Available data –
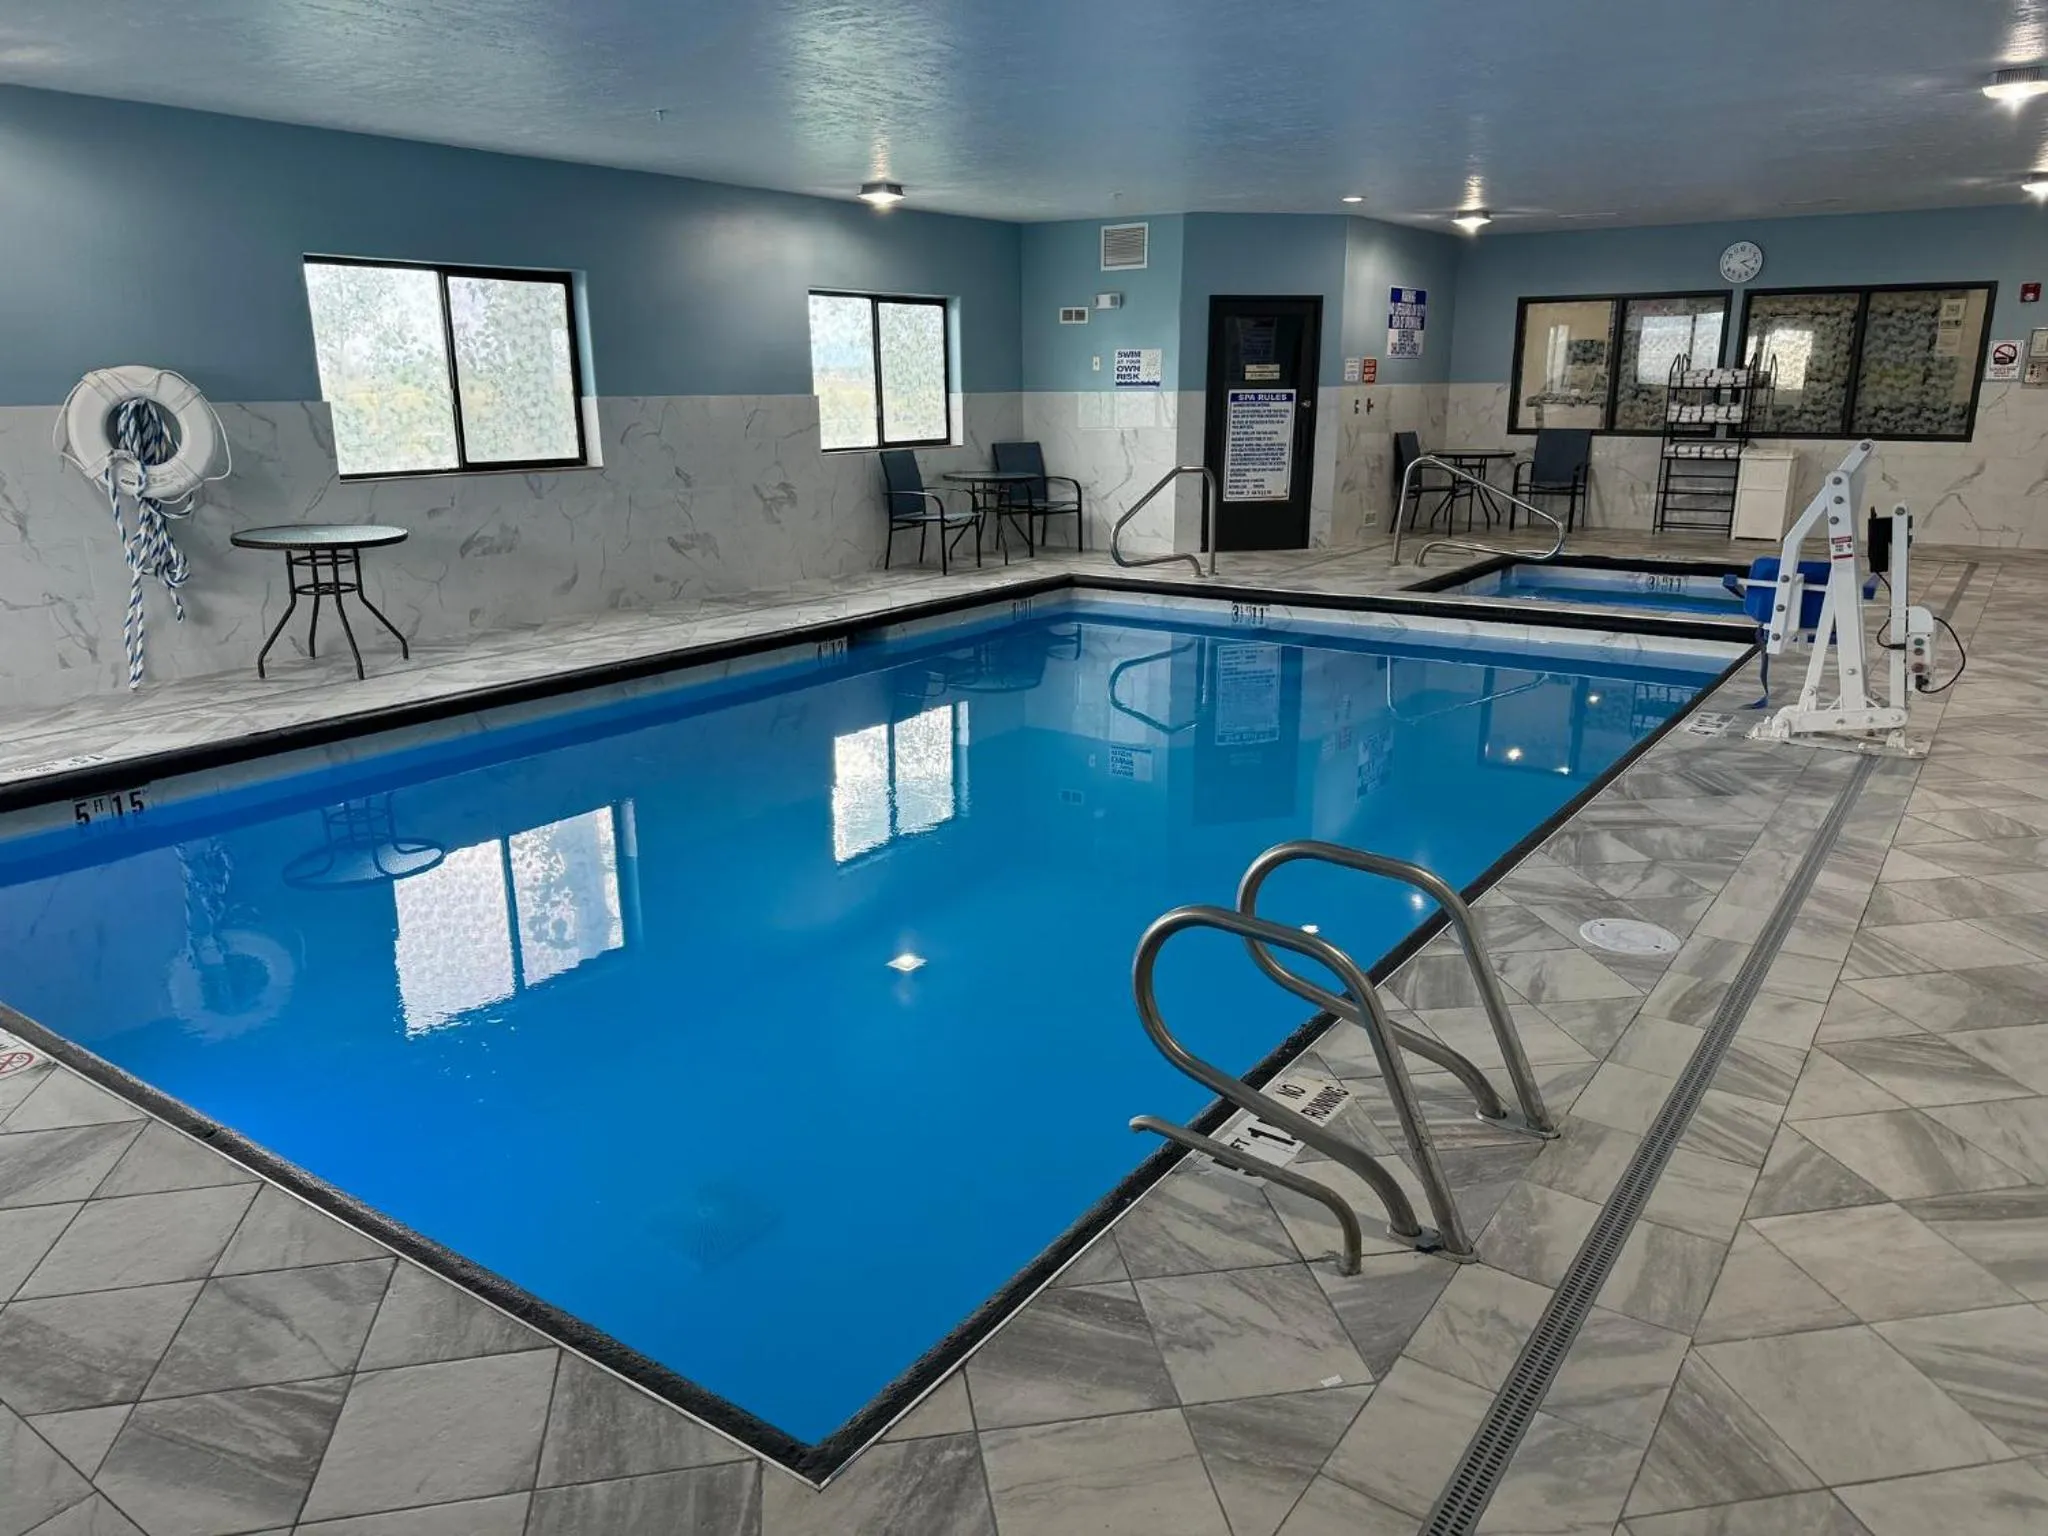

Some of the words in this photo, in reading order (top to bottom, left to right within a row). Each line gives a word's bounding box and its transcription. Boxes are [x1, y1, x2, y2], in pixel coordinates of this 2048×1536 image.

[1117, 350, 1141, 359] SWIM
[1116, 372, 1141, 380] RISK
[1238, 393, 1256, 401] SPA
[1258, 393, 1288, 401] RULES
[75, 802, 90, 825] 5
[94, 799, 104, 813] FT
[1276, 1083, 1306, 1100] NO
[1300, 1086, 1350, 1120] RUNNING
[1230, 1138, 1250, 1151] FT

Exercise details –
What you give back must be the data above, reproduced exactly and free of pictures.

Output of the exercise –
Some of the words in this photo, in reading order (top to bottom, left to right within a row). Each line gives a word's bounding box and its transcription. Boxes are [x1, y1, x2, y2], in pixel coordinates of this 2048×1536 image.

[1117, 350, 1141, 359] SWIM
[1116, 372, 1141, 380] RISK
[1238, 393, 1256, 401] SPA
[1258, 393, 1288, 401] RULES
[75, 802, 90, 825] 5
[94, 799, 104, 813] FT
[1276, 1083, 1306, 1100] NO
[1300, 1086, 1350, 1120] RUNNING
[1230, 1138, 1250, 1151] FT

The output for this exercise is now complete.